As many as five percent of women trying to get pregnant may experience multiple miscarriages, which is a devastatingly high statistic. Fortunately, a new discovery about one of the causes of miscarriage brings with it hope for a fairly simply solution.
“Recurrent pregnancy loss is a heartbreaking challenge for as many as one in 20 women,” Mary Stephenson, one of the study's authors, said in a news release.
The reproductive hormone progesterone helps prepare the endometrium — the lining of the uterus — for implantation. Low progesterone may also be one of the causes of pregnancy loss. Researchers have discovered that one way to screen for this is to measure endometrial health using a marker called nuclear cyclin E, or nCyclinE.“When we give progesterone back to these women, the endometrium makes more nutrients and prevents their pregnancy loss.”
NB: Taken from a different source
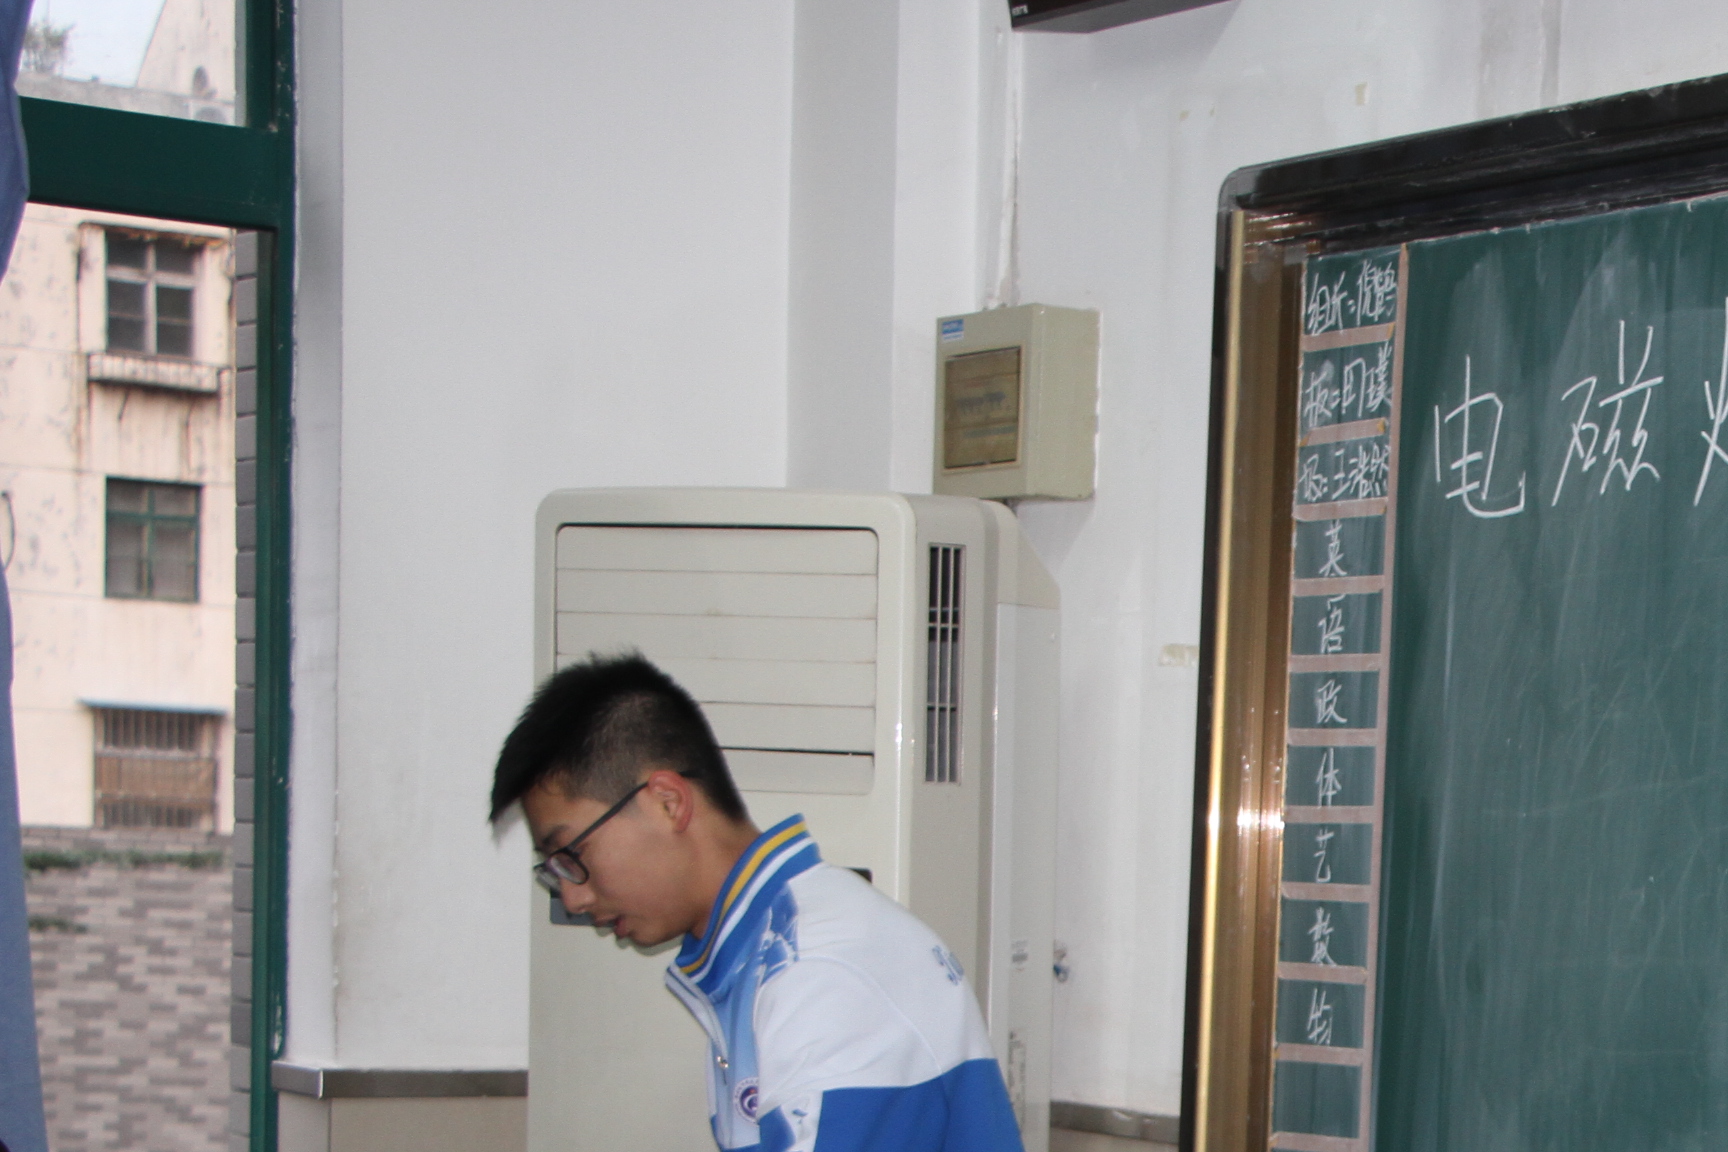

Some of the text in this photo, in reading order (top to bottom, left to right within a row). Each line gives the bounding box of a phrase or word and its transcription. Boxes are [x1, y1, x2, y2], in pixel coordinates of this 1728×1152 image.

[1315, 747, 1342, 809] 体
[1313, 827, 1335, 883] 艺
[1306, 987, 1334, 1046] 物
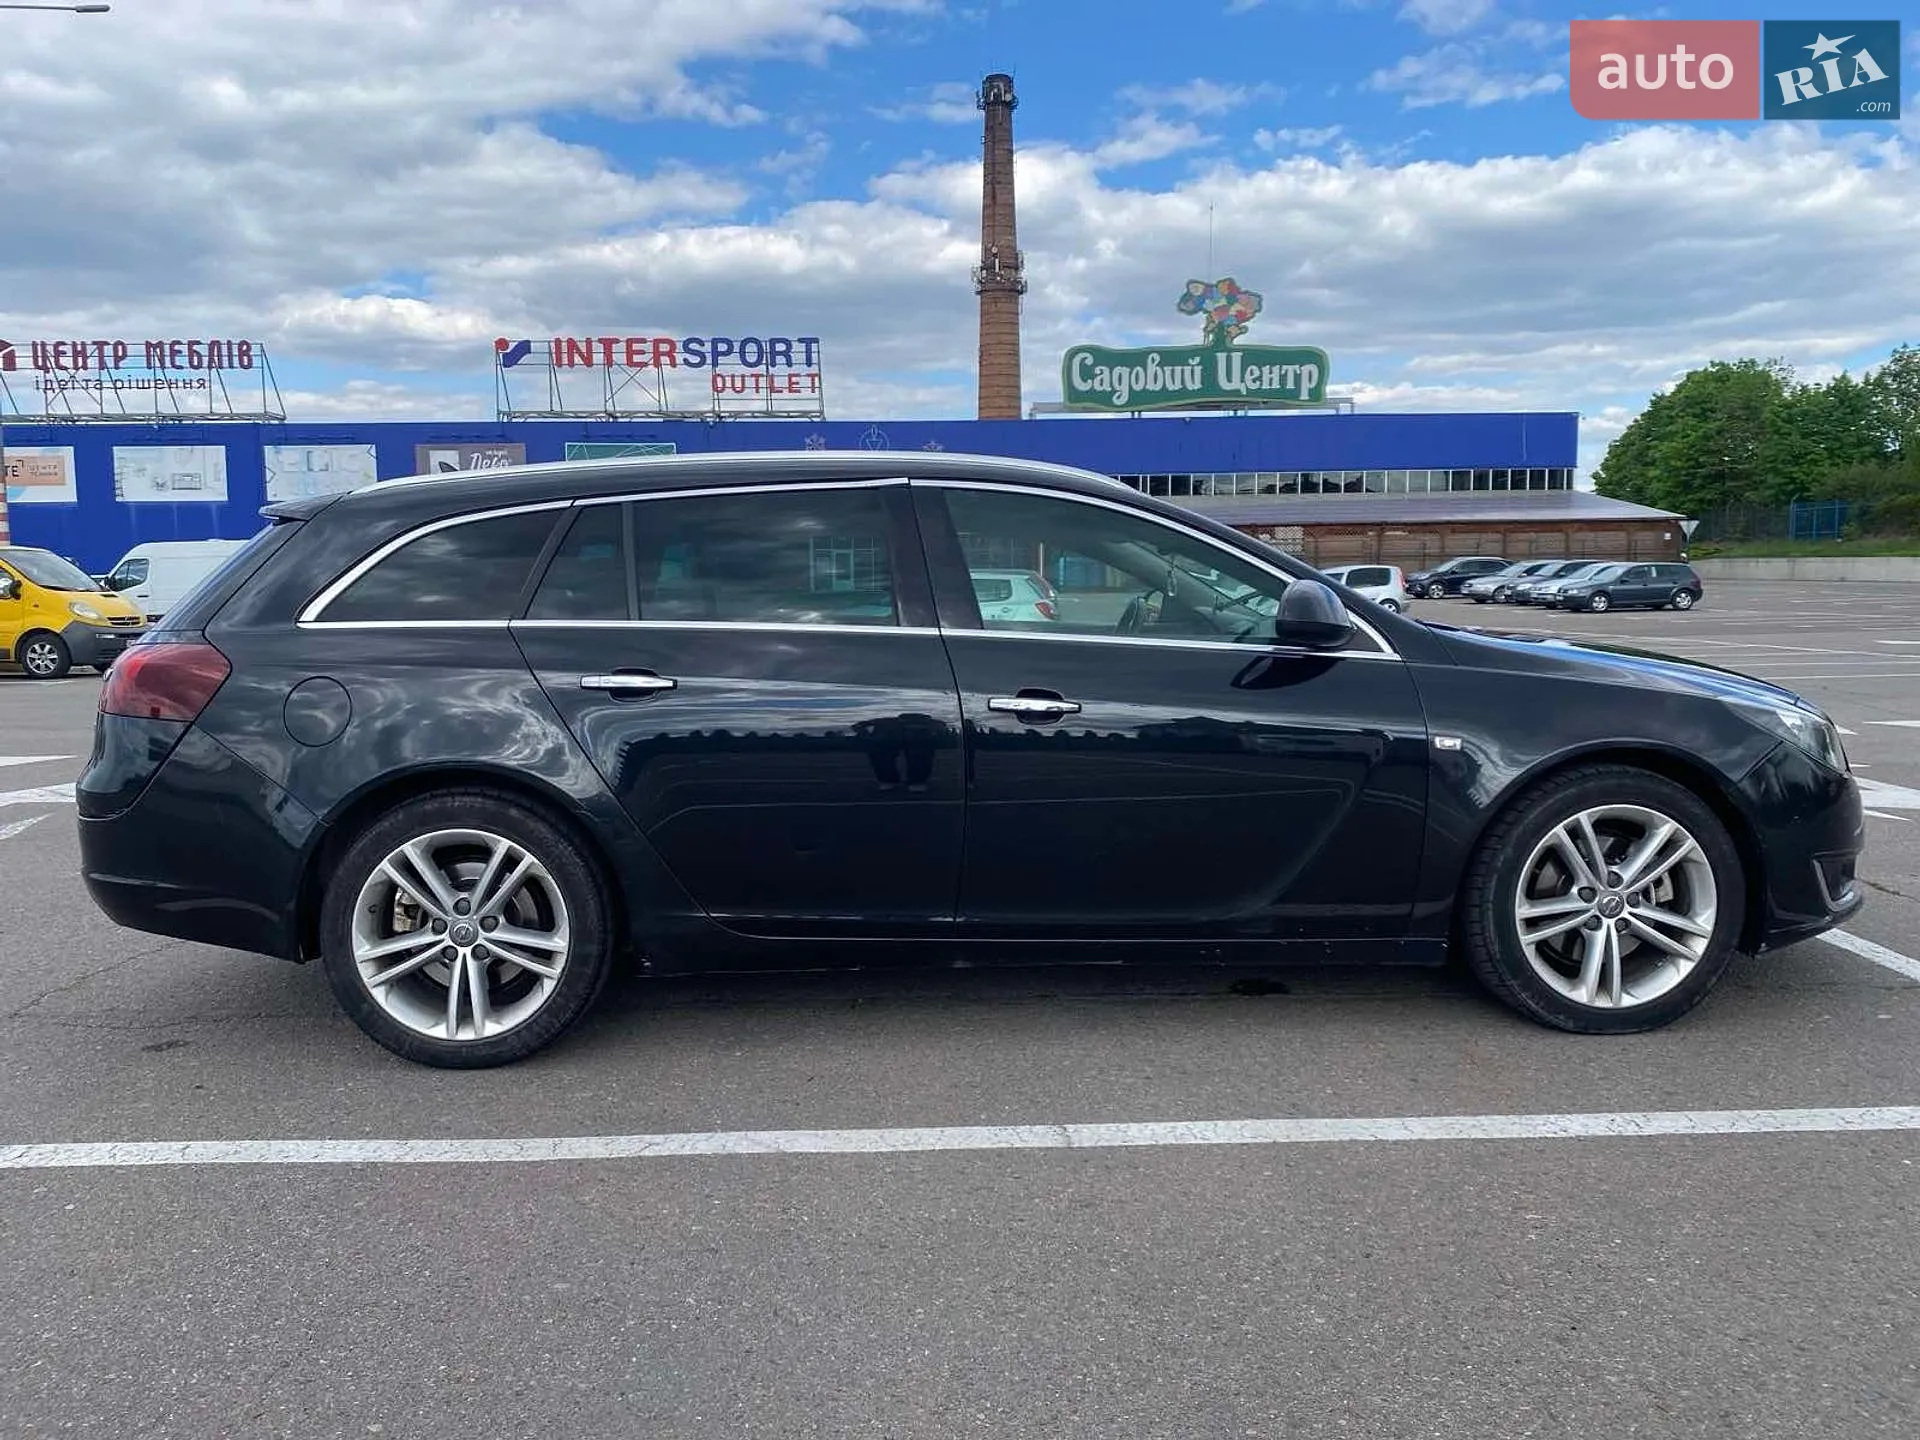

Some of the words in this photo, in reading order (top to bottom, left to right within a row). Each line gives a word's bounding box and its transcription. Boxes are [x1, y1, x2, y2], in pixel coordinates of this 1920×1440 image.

Two-thirds of these women ended up having successful pregnancies. Of the women who didn’t receive the hormone, only half had healthy pregnancies, which suggests that administering progesterone around the time of conception may make a significant difference in the pregnancy.
“The endometrium feeds the baby up until the eighth week of pregnancy,” explains author Harvey Kliman. “Then at 9 to 10 weeks the mother’s blood takes over to feed the embryo. In this subset of women experiencing multiple early miscarriages, we assume that their embryos were literally starving to death. They attached, but they were not getting enough food. When we give progesterone back to these women, the endometrium makes more nutrients and prevents their pregnancy loss.”
Previous work by another research group had not found any effect of giving progesterone, but in that study women were only given the hormone after they got pregnant — not as they were trying to conceive, as in the current study. More extensive research will be needed, but the preliminary results are promising.
“We are very pleased to find that these results reinforce the evidence that progesterone could be a very beneficial, inexpensive and safe treatment for many women with a history of recurrent pregnancy loss,” said Stephenson. The next step is to validate the findings with a prospective randomized trial — a study that, instead of looking at what women did in the past (retrospective), follows two groups of women, one on the hormone and one not, and sees what happens in the future.
The study was carried out by researchers at the University of Illinois at Chicago and the Yale University School of Medicine and is published in the journal Fertility and Sterility.